[Provided entries Boundary: Start]

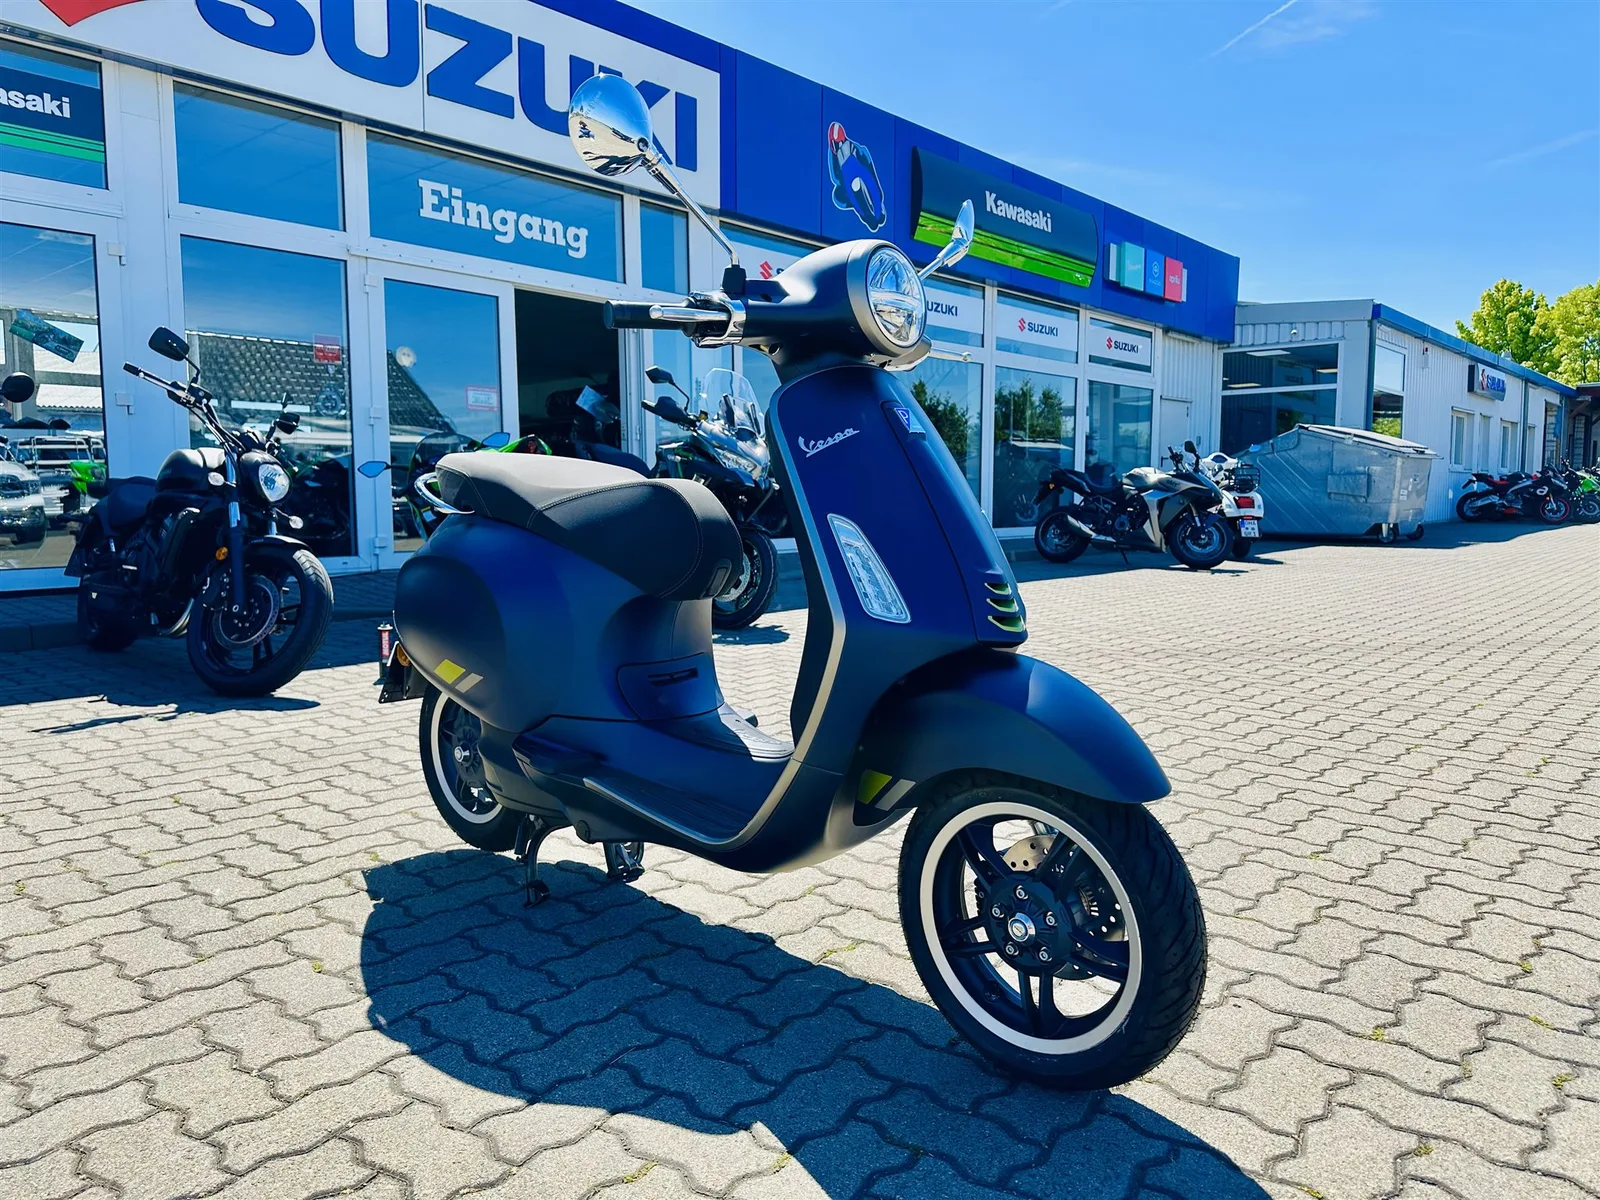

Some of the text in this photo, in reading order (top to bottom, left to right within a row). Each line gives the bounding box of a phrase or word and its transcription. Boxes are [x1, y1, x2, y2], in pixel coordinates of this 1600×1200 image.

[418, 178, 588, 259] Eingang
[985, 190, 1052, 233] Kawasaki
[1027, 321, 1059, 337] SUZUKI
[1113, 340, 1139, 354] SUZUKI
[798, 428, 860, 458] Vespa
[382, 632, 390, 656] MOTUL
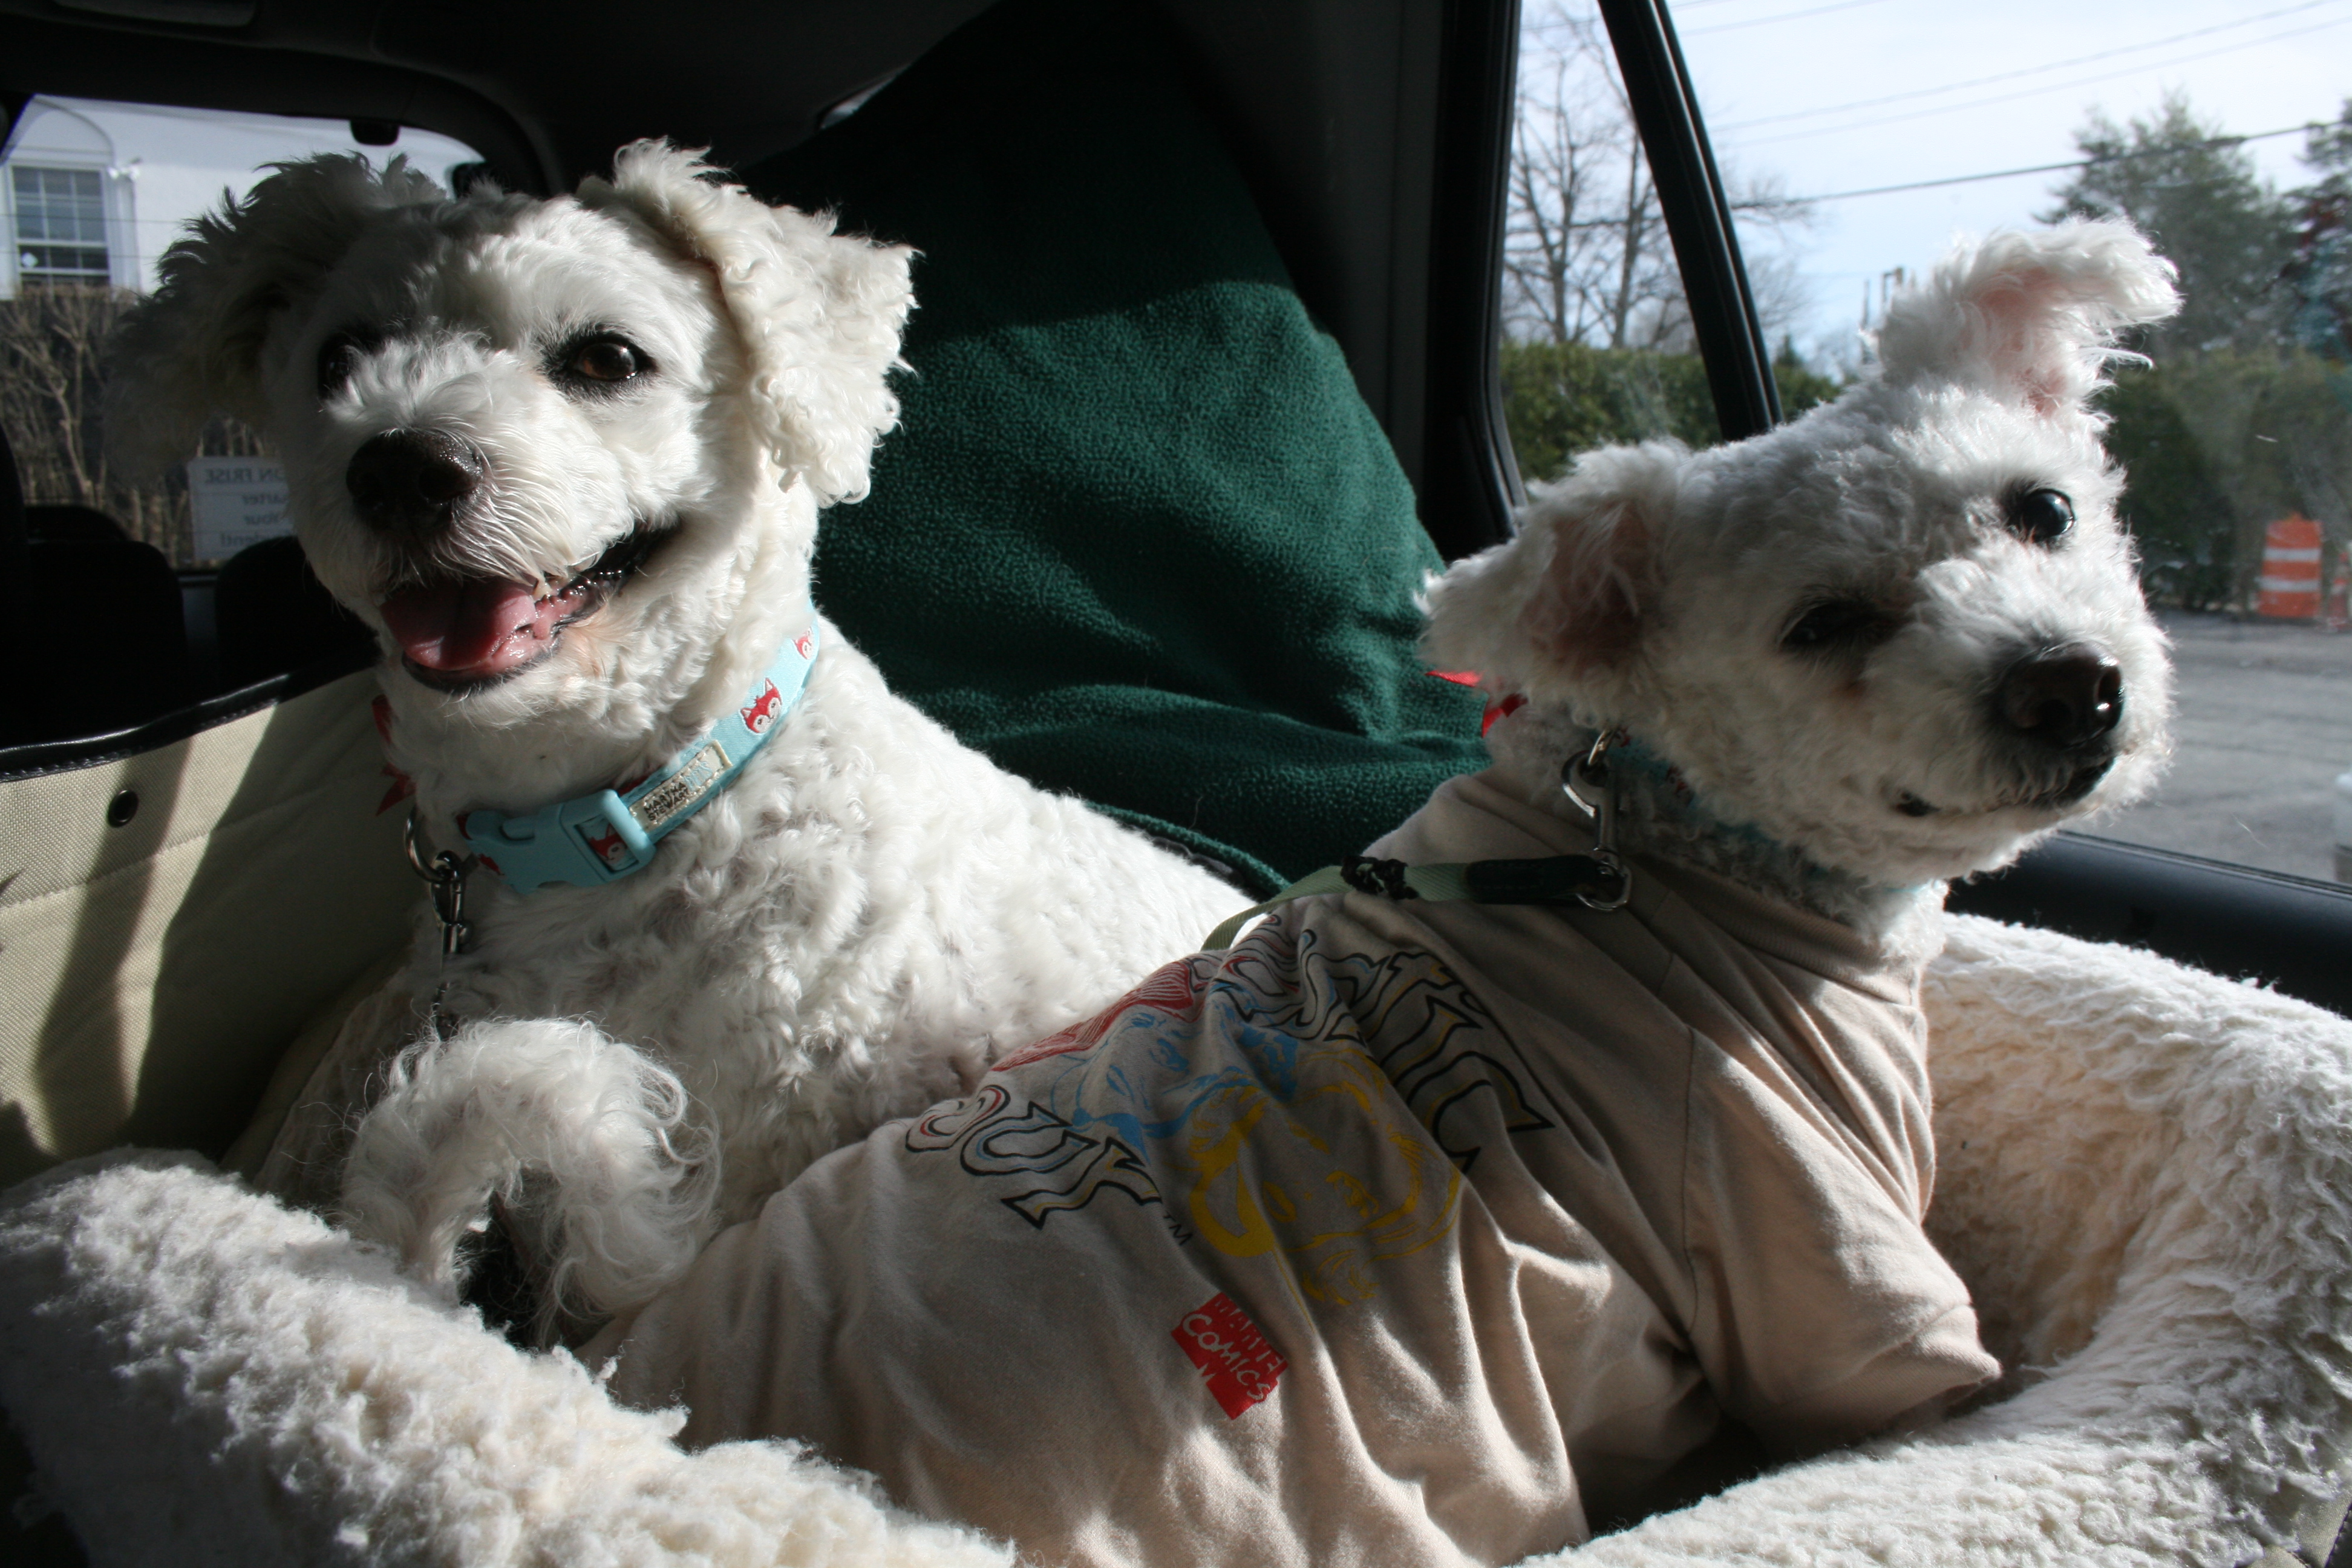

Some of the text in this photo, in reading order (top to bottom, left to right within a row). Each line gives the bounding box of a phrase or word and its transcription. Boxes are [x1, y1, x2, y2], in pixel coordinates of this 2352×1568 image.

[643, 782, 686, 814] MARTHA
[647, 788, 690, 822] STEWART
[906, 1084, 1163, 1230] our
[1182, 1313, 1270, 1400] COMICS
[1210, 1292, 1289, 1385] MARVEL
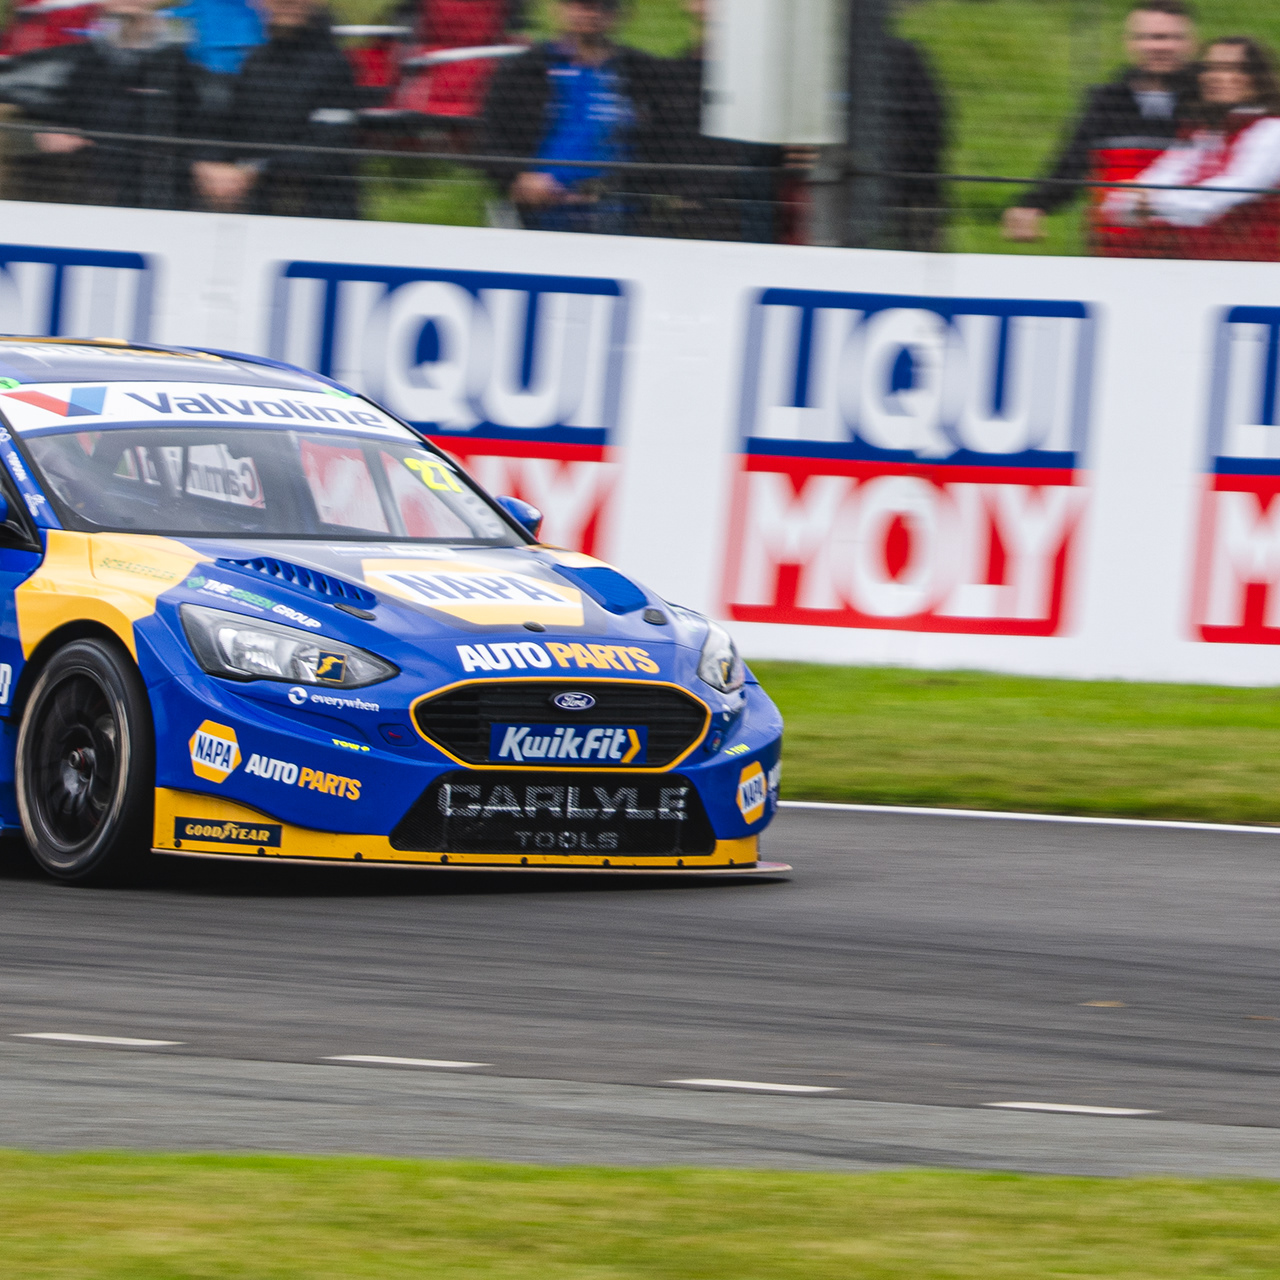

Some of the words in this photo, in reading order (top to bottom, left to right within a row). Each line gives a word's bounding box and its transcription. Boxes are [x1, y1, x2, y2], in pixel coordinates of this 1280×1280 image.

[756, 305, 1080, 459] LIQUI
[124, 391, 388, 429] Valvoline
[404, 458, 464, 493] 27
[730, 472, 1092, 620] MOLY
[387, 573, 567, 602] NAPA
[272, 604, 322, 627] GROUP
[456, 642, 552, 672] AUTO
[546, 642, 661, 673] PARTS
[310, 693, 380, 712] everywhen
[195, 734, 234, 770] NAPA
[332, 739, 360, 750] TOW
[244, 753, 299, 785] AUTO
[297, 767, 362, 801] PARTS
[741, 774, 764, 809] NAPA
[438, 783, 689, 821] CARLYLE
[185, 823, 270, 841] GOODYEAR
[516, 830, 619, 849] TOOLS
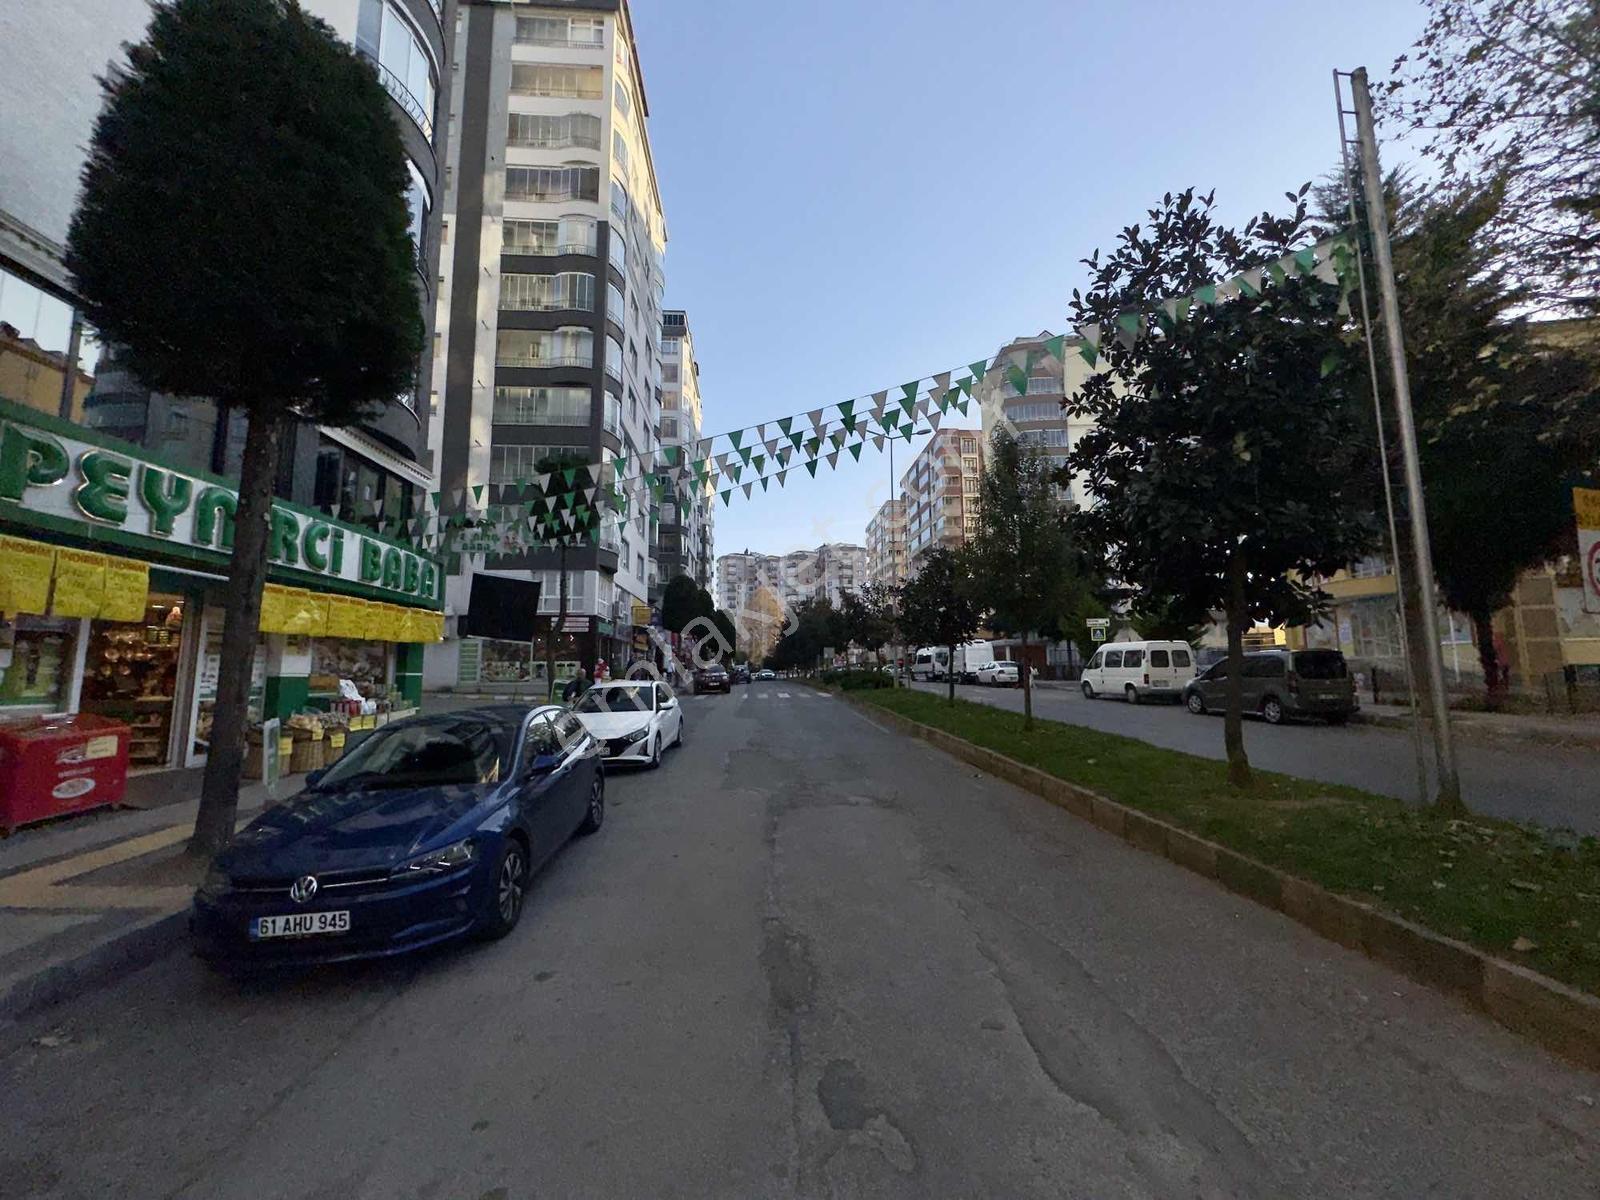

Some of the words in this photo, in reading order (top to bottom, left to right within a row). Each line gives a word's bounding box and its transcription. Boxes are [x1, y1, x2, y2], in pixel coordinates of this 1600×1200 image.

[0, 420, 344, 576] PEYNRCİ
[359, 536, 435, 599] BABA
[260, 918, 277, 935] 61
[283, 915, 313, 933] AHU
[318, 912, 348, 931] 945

[Provided entries Boundary: End]

- Exercise prompt
Leaving all pictures aside, quote each record exactly.

- Answer space
Some of the text in this photo, in reading order (top to bottom, left to right within a row). Each line gives the bounding box of a phrase or word and its transcription. Boxes are [x1, y1, x2, y2], in pixel coordinates of this 1600×1200 image.

[418, 178, 588, 259] Eingang
[985, 190, 1052, 233] Kawasaki
[1027, 321, 1059, 337] SUZUKI
[1113, 340, 1139, 354] SUZUKI
[798, 428, 860, 458] Vespa
[382, 632, 390, 656] MOTUL

Some of the text in this photo, in reading order (top to bottom, left to right within a row). Each line gives the bounding box of a phrase or word and its transcription. Boxes are [x1, y1, x2, y2], in pixel coordinates of this 2352×1568 image.

[643, 782, 686, 814] MARTHA
[647, 788, 690, 822] STEWART
[906, 1084, 1163, 1230] our
[1182, 1313, 1270, 1400] COMICS
[1210, 1292, 1289, 1385] MARVEL

Some of the words in this photo, in reading order (top to bottom, left to right within a row). Each line gives a word's bounding box and its transcription. Boxes are [x1, y1, x2, y2], in pixel coordinates of this 1280×1280 image.

[756, 305, 1080, 459] LIQUI
[124, 391, 388, 429] Valvoline
[404, 458, 464, 493] 27
[730, 472, 1092, 620] MOLY
[387, 573, 567, 602] NAPA
[272, 604, 322, 627] GROUP
[456, 642, 552, 672] AUTO
[546, 642, 661, 673] PARTS
[310, 693, 380, 712] everywhen
[195, 734, 234, 770] NAPA
[332, 739, 360, 750] TOW
[244, 753, 299, 785] AUTO
[297, 767, 362, 801] PARTS
[741, 774, 764, 809] NAPA
[438, 783, 689, 821] CARLYLE
[185, 823, 270, 841] GOODYEAR
[516, 830, 619, 849] TOOLS

Some of the words in this photo, in reading order (top to bottom, left to right within a row). Each line gives a word's bounding box and its transcription. Boxes are [x1, y1, x2, y2], in pixel coordinates of this 1600×1200 image.

[0, 420, 344, 576] PEYNRCİ
[359, 536, 435, 599] BABA
[260, 918, 277, 935] 61
[283, 915, 313, 933] AHU
[318, 912, 348, 931] 945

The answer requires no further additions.